ウォーターパックを持ってテント泊の受け付けに行く。疲れ果て腹も減って早く晩ご飯を食べて、身体にエネルギーを供給したいところだが、受け付けを終えて言われたひと言にがっかりした。
「お水は販売しているミネラルウォーターを買ってください。」
確か3年前は1リットル200円で小屋で雪を解かした水を販売していたはずだったのだが、まさかミネラルウォーターだけの販売とは。500mlのペットボトルが1本200円。今日の夕食と明日の朝食で1リットル、さらに明日の7時間弱の行動のために1リットル、合わせて最低2リットルの水が必要なのだが、それだけ買うと水だけで合計800円。ここで売っている500mlのビールと同じ値段じゃないか。とっさに「分かりました」といい、そそくさと小屋を離れてテント場に戻って雪を掘り返した。
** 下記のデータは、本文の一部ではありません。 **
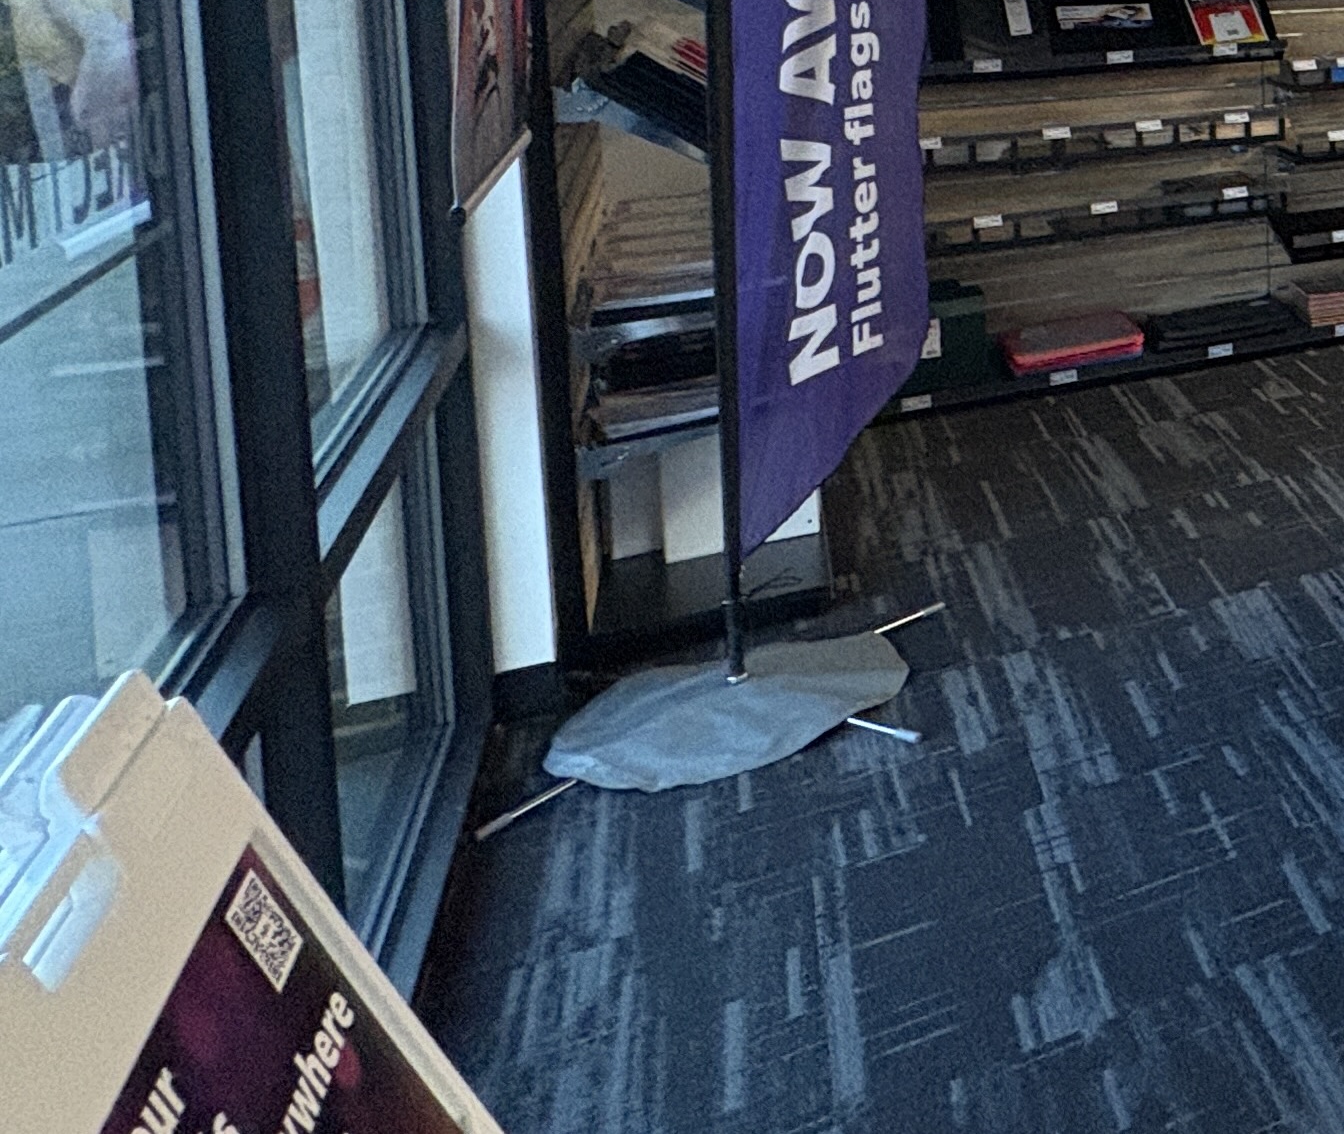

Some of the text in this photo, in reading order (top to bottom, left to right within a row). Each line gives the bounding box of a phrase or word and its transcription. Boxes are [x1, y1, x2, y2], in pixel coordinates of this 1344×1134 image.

雪を解かして2リットルの水を作るのに50~60分。結局、晩ご飯にありつけたのは、日もすっかり落ち、すでに辺りが薄暗くなった19時過ぎだった。とても疲弊した一日、夕食を食べ終わりシュラフに潜り込むと電池が切れたように深い眠りに陥ちた。
DAY1: フォトギャラリー
合戦小屋から冬ルートで合戦沢ノ頭まで直登
合戦沢ノ頭まで来てやっと姿を現した燕岳
DAY2: 4月28日(土)燕山荘~大天井岳~常念小屋
パワーあふれるアルプスのご来光を眺める
昨日、受付する時に聞いていた通りに、風もあり予想以上に寒い朝になった。気温は計ってないが氷点下2~3℃くらいまで下がっていたのだろう。それでもこの時期になると4時を過ぎると辺りはうっすらと明るくなりありがたい。
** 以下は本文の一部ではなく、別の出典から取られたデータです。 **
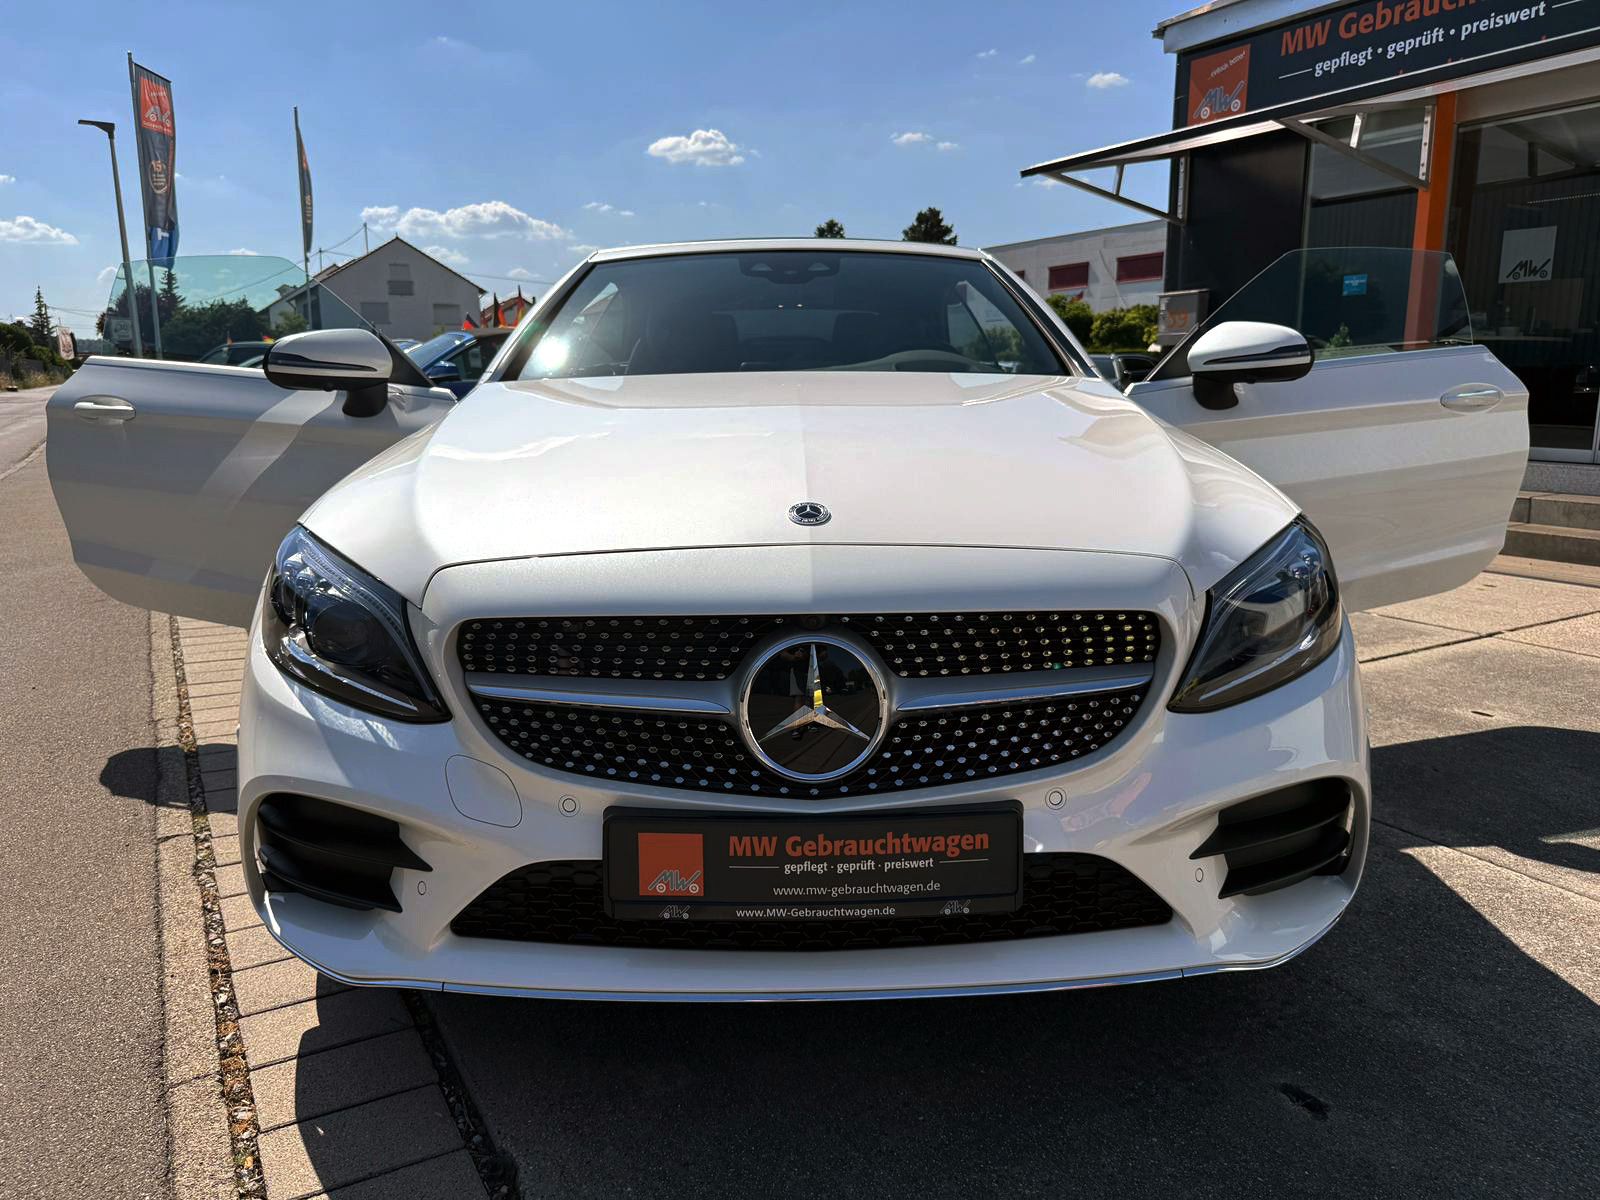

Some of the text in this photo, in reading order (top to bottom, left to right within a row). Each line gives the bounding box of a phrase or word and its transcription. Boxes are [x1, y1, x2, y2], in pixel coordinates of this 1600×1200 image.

[1280, 18, 1332, 57] MW
[1314, 1, 1547, 77] gepflegt geprüft preiswert
[728, 832, 989, 858] MW Gebrauchtwagen
[784, 857, 934, 875] gepflegt geprüft preiswert
[772, 880, 941, 898] www.mw-gebrauchtwagen.de
[735, 906, 896, 919] www.MW-Gebrauchtwagen.de
昨日の疲労がまだまだ足にかなり残ってはいるものの、十分な睡眠を取ることができてスッキリした気分で5時過ぎに起き上がる。テントを出ると、ちょうど安曇野の平野を挟んだ向かいの山の稜線から朝日が昇ろうとしているところだったのでカメラを握り、小高くなっているテント場の端に歩いて行ってご来光を眺める。次第に陽は高く昇り燕山荘のまだ雪で覆われた東面を赤く照らし始める。日が昇ってくると、あれほど冷たかった空気が少しずつ温まり始め、こわばっていた気持ちも穏やかなになってくる。いつもながらに太陽の光はものすごいパワーを持っているものだと感じた。
昨夏の反省を生かした縦走中の食事スタイル
沸かしたお湯をチョコレートシリアルを入れたシリコン製クッカーに注ぎ込み、たっぷり練乳を垂らして、少し柔らかくなってから口に流し込む。
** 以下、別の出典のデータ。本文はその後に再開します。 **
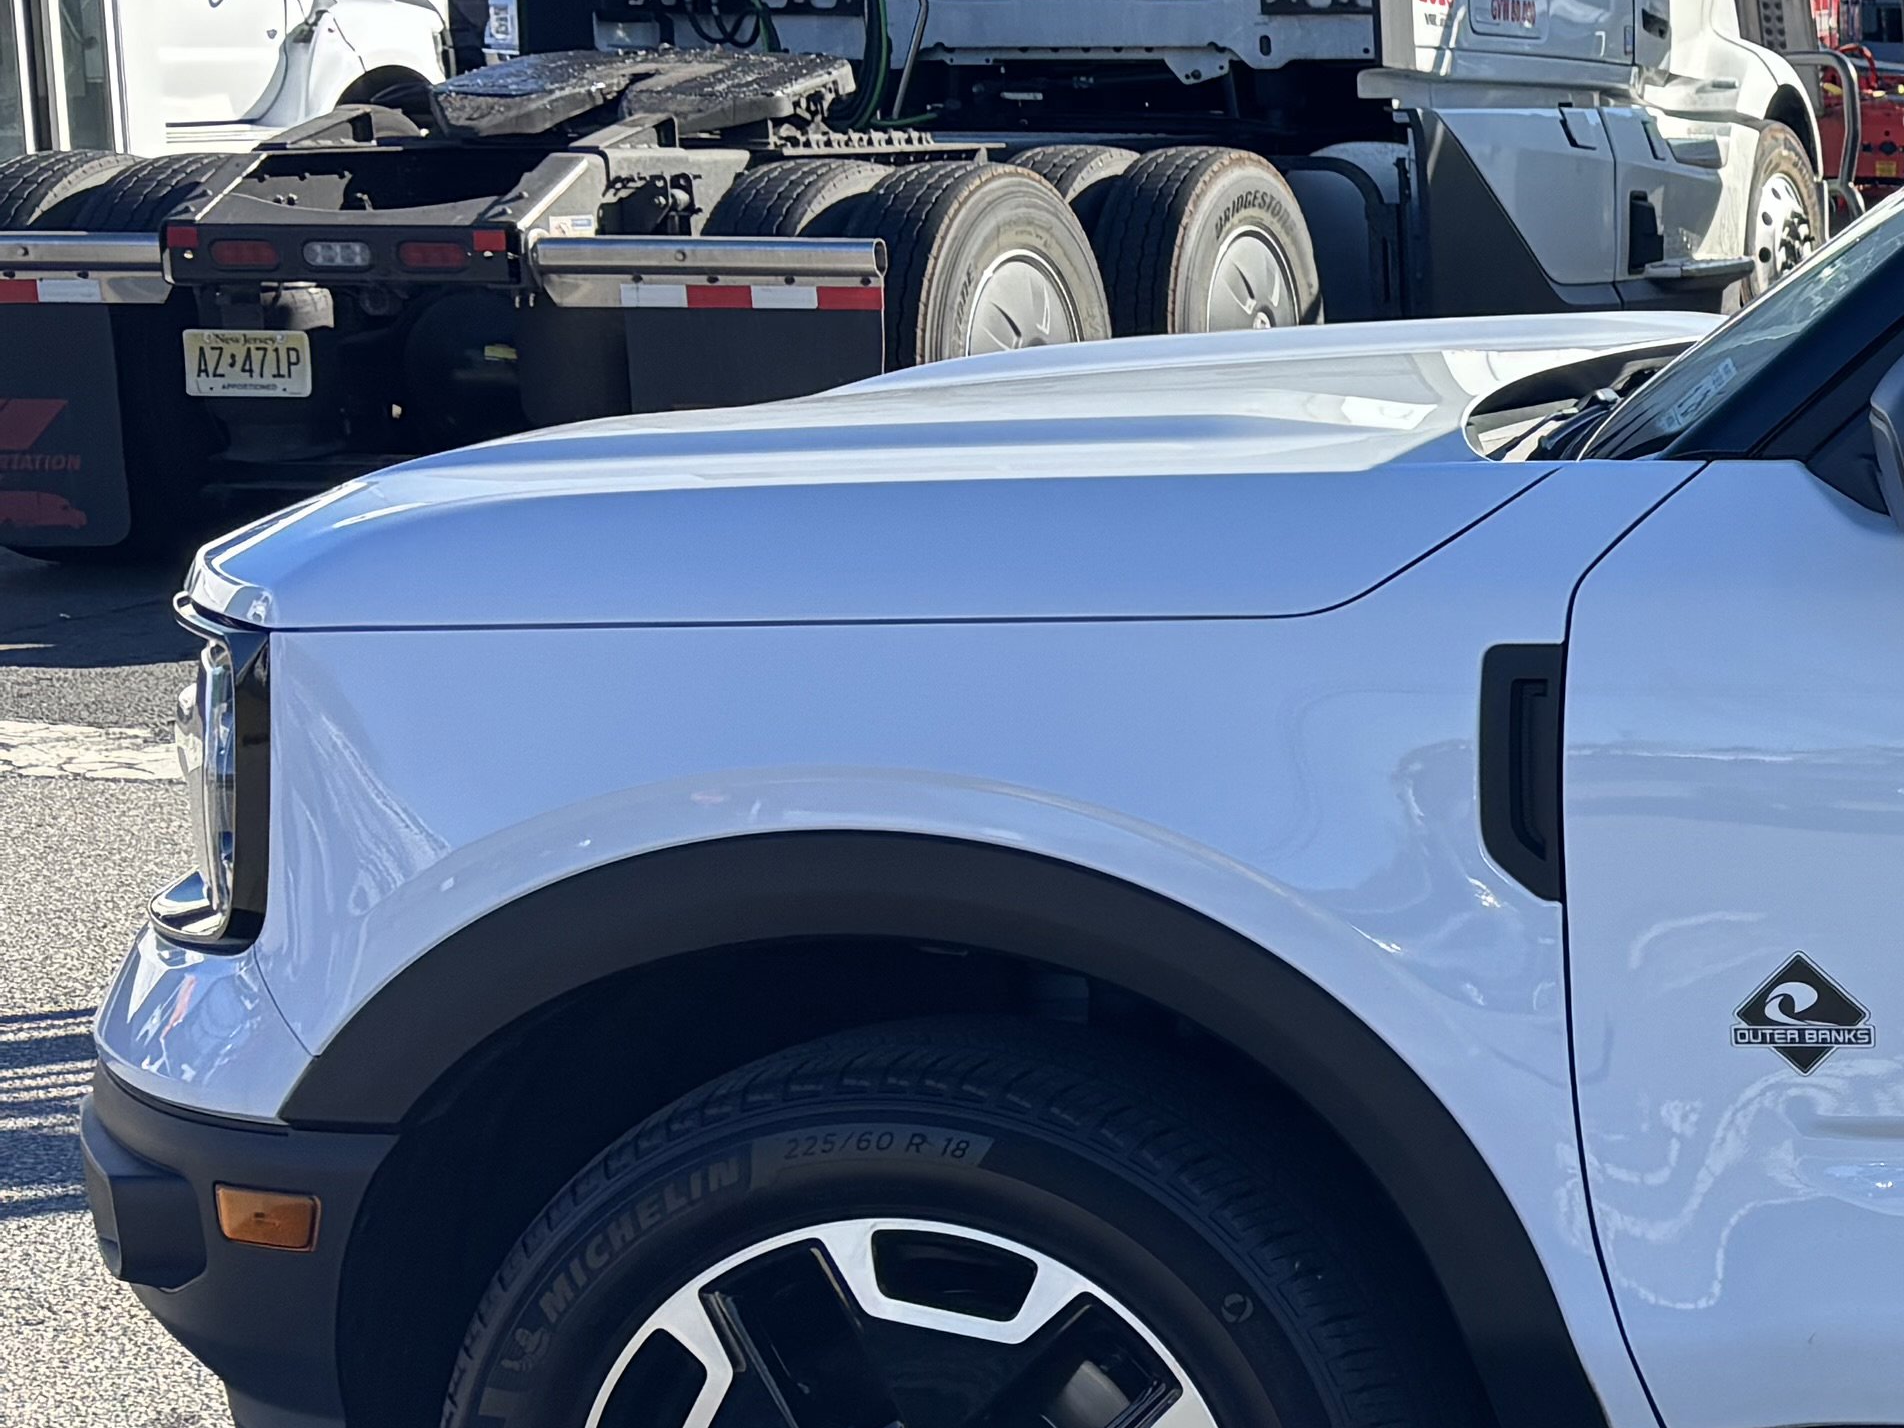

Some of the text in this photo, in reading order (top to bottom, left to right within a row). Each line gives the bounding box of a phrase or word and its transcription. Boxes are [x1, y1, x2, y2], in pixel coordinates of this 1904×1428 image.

いつもそうなのだが山に来るとあまり食欲がなくなり、時には持ってきた食料の半分も食べることなく下山してしまうこともある。特に去年の6日間のアルプス縦走の時はひどく、持ってきたパスタのほとんどに手を付けることなく下山してしまった。ただそんな中「今、ラーメンがそこにあったら食べたいな」と常に思っていた。
体力を使う縦走登山ではどうしても身体の水分も不足するだろうし、また身体の疲労と共に胃腸も疲れるのだろう。できるだけ胃腸に負担を掛けずに簡単に多くの水分と共に「流し込む」ことができるような食事が自分には合っているのだろうと、今回の夕食は基本的にチキンラーメンにエッグスープを溶いて食べ、朝食はシリアルを練乳入りのお湯に浸して食べるというメニューを用意してきた。
2日目、3日目となると同じメニューばかり食べるので、多少、飽きてはきたが昨夏のような「食べる気がしない」というい感じにはならなかった。「持ち運び」という点でも、縦走当初はかさばるものの、それは食べれば食べるほど少しずつ減っていく訳で、何より軽量で悪くなかった。今年の夏はこのスタイルに飽きないようなアレンジを加えて長期縦走に備えようと思う。
大天井岳へのルートは基本的に雪のない夏道が続く
今日は6時間程度の行程。ゆっくり8時前に燕山荘を出発する。世間は今日から本格的なGWだ。たった9張りしかなかった燕山荘のテント場に、今日の夕方には数え切れないほどのテントが張られるのだろう。そして、昨日、僕が疲れ切った体で1時間以上掛けて作ったテントサイトに何の苦もなく有難くありつく人がもちろんいる訳だ。感謝しろよ。
燕岳から大天井岳に向かって歩く稜線はアップダウンが少なく、その向こうに槍ヶ岳を望みながら歩くことができる快適なルートだ。途中にある蛙岩(ゲエロイワ)はまだ冬期ルートでスリーピングマットを外付けしたザックをあちこちに引っ掛けながらやっとの思いでくぐり抜ける。それでもそれ以外の登山道は基本的にほどんど雪のない夏道を歩く。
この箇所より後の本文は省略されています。